My former chief engineer swings her chair around. "There's a dampening field around our emissions. They'd have to know exactly what they're looking for. We're a damn sight safer aboard this shuttle than you were on that satellite."
I put a hand up to my forehead, trying to process all of this, once again feeling my control of the situation slipping away. I feel Chakotay press his fingers to the small of my back lightly and then drop them again. When I glance at him this time I can see the hesitation on his face. He's not sure how he's supposed to act around me in front of her. I'm not sure I know, either. Chakotay takes a step away from me and turns his attention to B'Elanna.
"B'Elanna-"
"When I want to talk to you," she says, "you'll know about it. Kathryn, do you trust him? Because otherwise I'll lock him aft while I explain. We don't have much time."
My gaze drifts to Chakotay again. "Yes. Yes, I trust him."
B'Elanna makes a harsh noise in her throat, as if she can't quite believe my answer. "Fine." She sets a heading and the shuttle slides into warp.
I grip the back of her chair, my anxiety threatening to overflow. "Where are we going? B'Elanna-"
"Tom's waiting for us in a cloaked ship just outside the quarantine zone. If you think we're letting you take a trip into that cube alone, you've got another thing coming." She glances up and smiles grimly at the expression she sees on my face. "Yeah, we know about that. You could have told us, you know. What did you think, that we couldn't be trusted?"
I rub a hand over my face. "Of course that's not what I thought. I was trying to protect you. All of you. You have a family now, B'Elanna-"
She stands up to face me, eyes flashing. It's as if the years between when we first met and now never existed. At heart she's still the fiery young woman she was back then, but now her troubles are mostly someone else's. Mostly mine, in fact.

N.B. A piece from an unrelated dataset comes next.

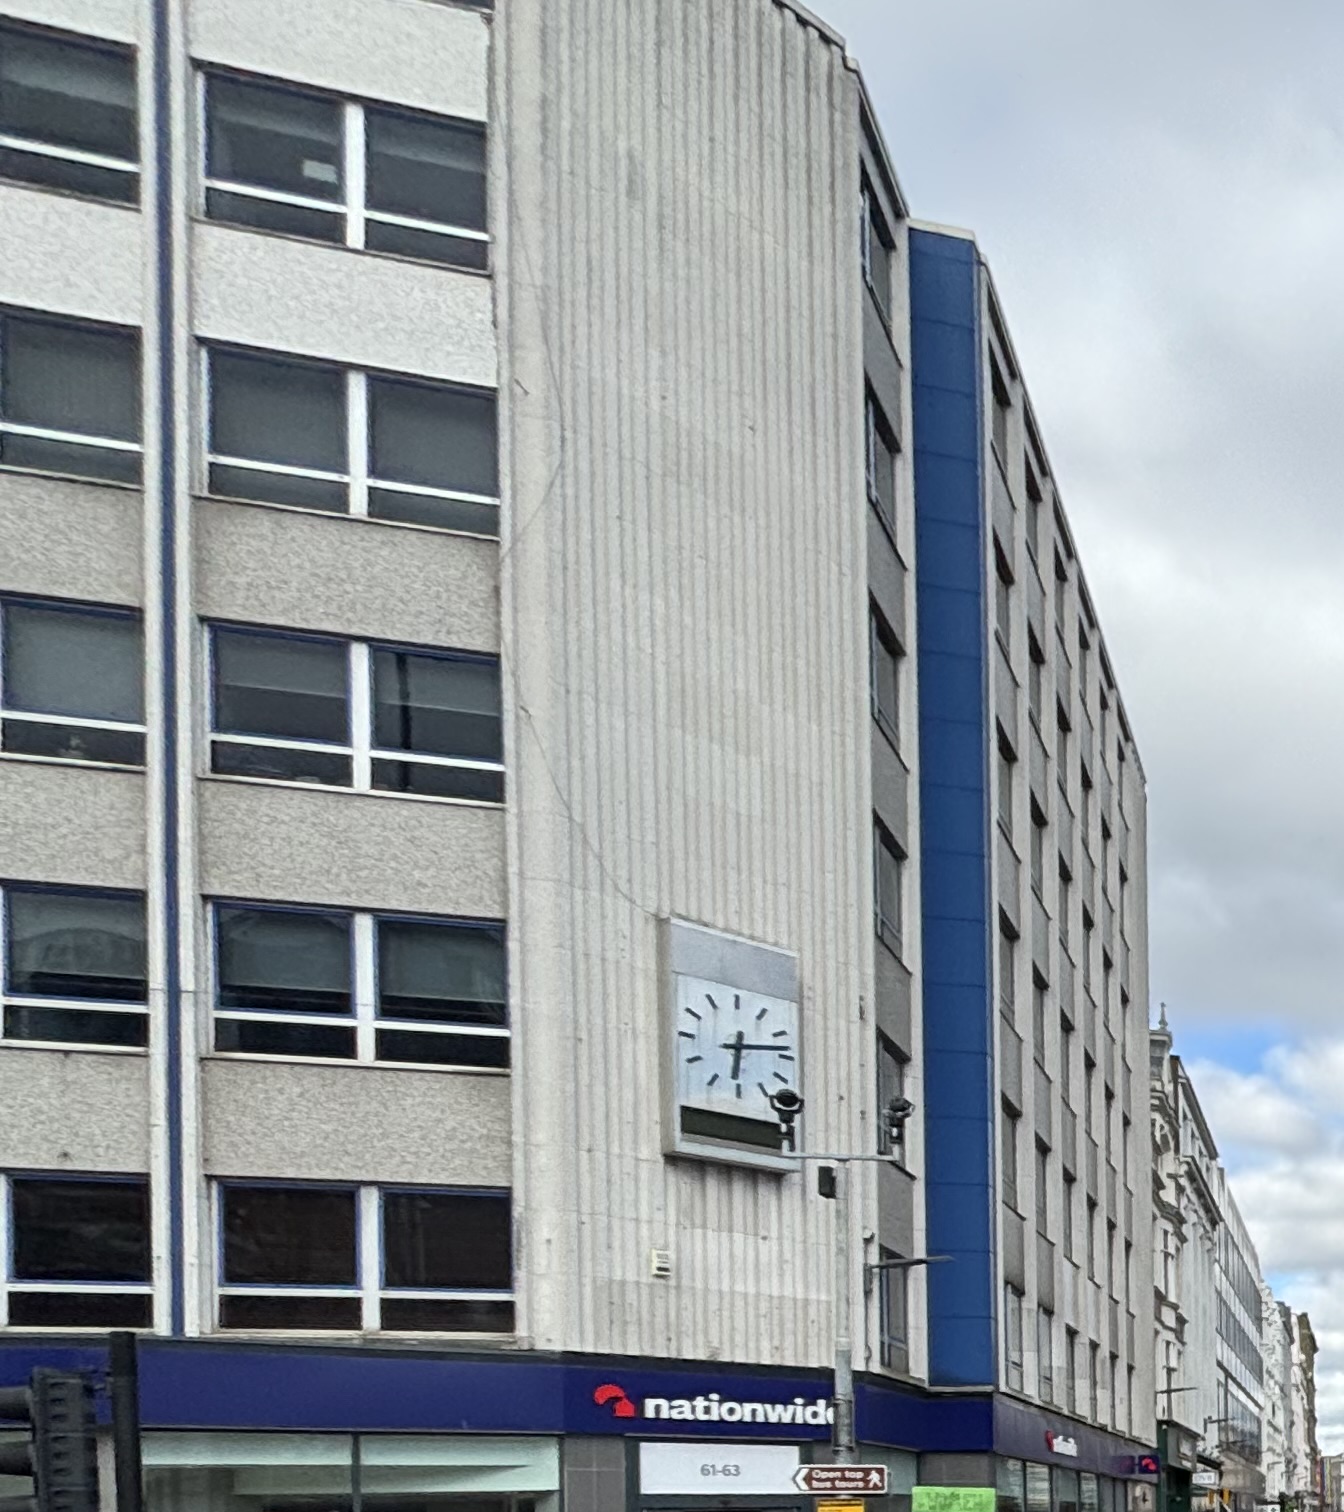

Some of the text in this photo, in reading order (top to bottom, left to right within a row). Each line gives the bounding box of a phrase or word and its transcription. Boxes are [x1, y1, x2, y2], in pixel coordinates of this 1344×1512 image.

[700, 1464, 741, 1477] 61-63
[812, 1469, 865, 1480] Open top
[812, 1479, 865, 1488] bus tours

"You're family," she tells me, with a warm kind of fury. "Seven is family."
"You know what I mean. Miral-"
"Is just fine with her grandmother. Meanwhile, her grandfather wants you to know he's behind you every step of the way. Figuratively speaking, of course. Literally, he's back at Starfleet headquarters, making excuses for a missing prototype and an absent without leave flight instructor."

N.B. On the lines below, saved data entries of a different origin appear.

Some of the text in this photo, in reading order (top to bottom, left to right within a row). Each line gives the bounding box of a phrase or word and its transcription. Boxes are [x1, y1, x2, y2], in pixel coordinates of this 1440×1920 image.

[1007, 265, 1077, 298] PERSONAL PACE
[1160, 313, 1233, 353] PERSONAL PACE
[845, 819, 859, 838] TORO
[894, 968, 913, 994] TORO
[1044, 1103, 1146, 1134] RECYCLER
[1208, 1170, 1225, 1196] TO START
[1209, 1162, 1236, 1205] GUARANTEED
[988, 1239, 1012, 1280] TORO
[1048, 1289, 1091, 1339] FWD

I blink at her. "Owen knows about this?"
"We wouldn't be here without him. Well, Tom wouldn't. I'd have come even if it had meant stealing a damned tug to make it."
"What exactly does he know?" I ask. It's not that I don't trust my old friend, but there was a reason I never tried to talk to him about what had happened to Seven. Section 31 can't have been clueless as to my longstanding friendship with Admiral Paris.

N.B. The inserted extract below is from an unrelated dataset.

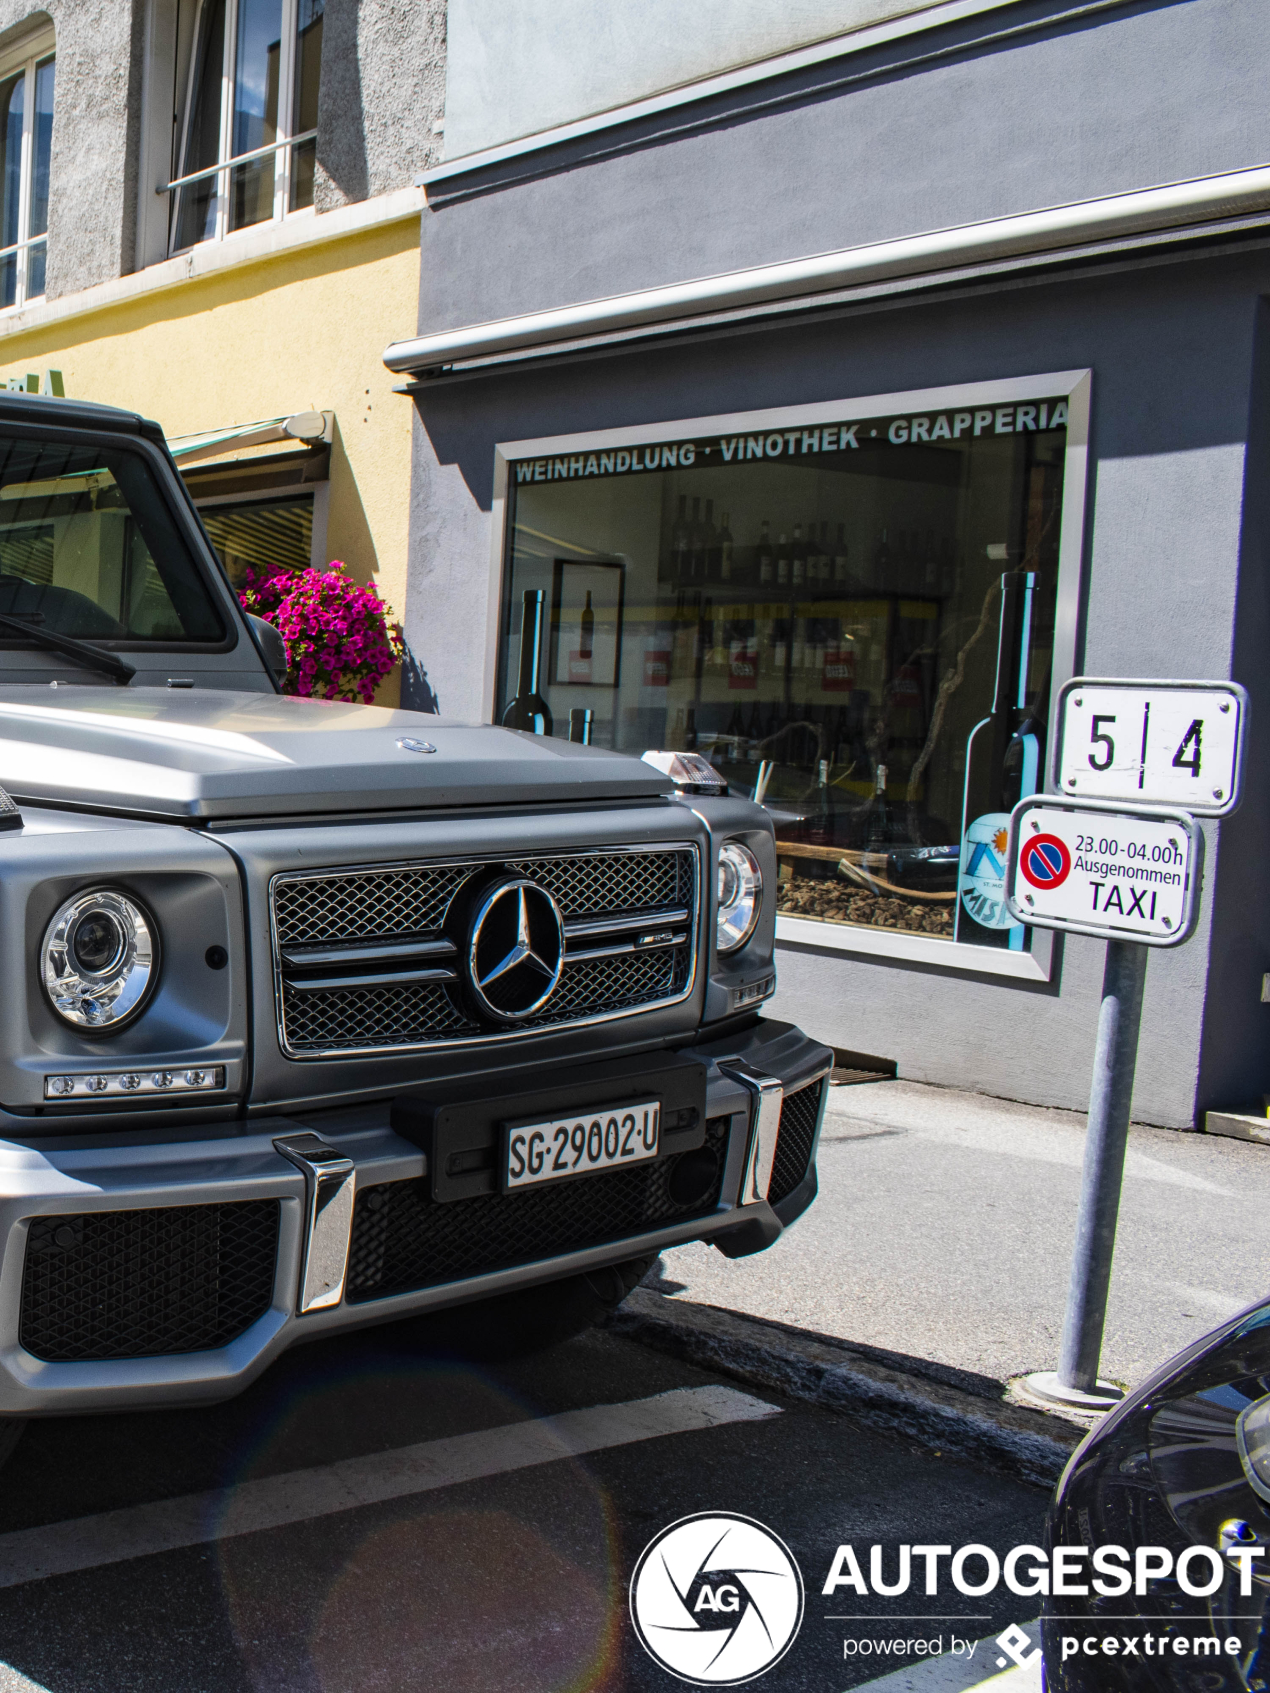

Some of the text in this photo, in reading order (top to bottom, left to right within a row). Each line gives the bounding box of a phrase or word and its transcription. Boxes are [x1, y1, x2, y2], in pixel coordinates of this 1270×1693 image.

"That Section 31 have Seven and that they also have a Borg cube sequestered out here. He knows you've been trying to find Seven and he knows you're out here now."
I take a deep breath. No specifics, then. Thank whomever for small mercies. "That's it?"
B'Elanna shrugs. "It was enough for him to agree to let us come out here and help you."
"With what?" Chakotay asks. It's the first time he's said anything since B'Elanna shut him down, and she doesn't seem any more inclined to warm to him now. "You said a prototype," he adds, persisting despite the glower darkening her face. "What prototype?"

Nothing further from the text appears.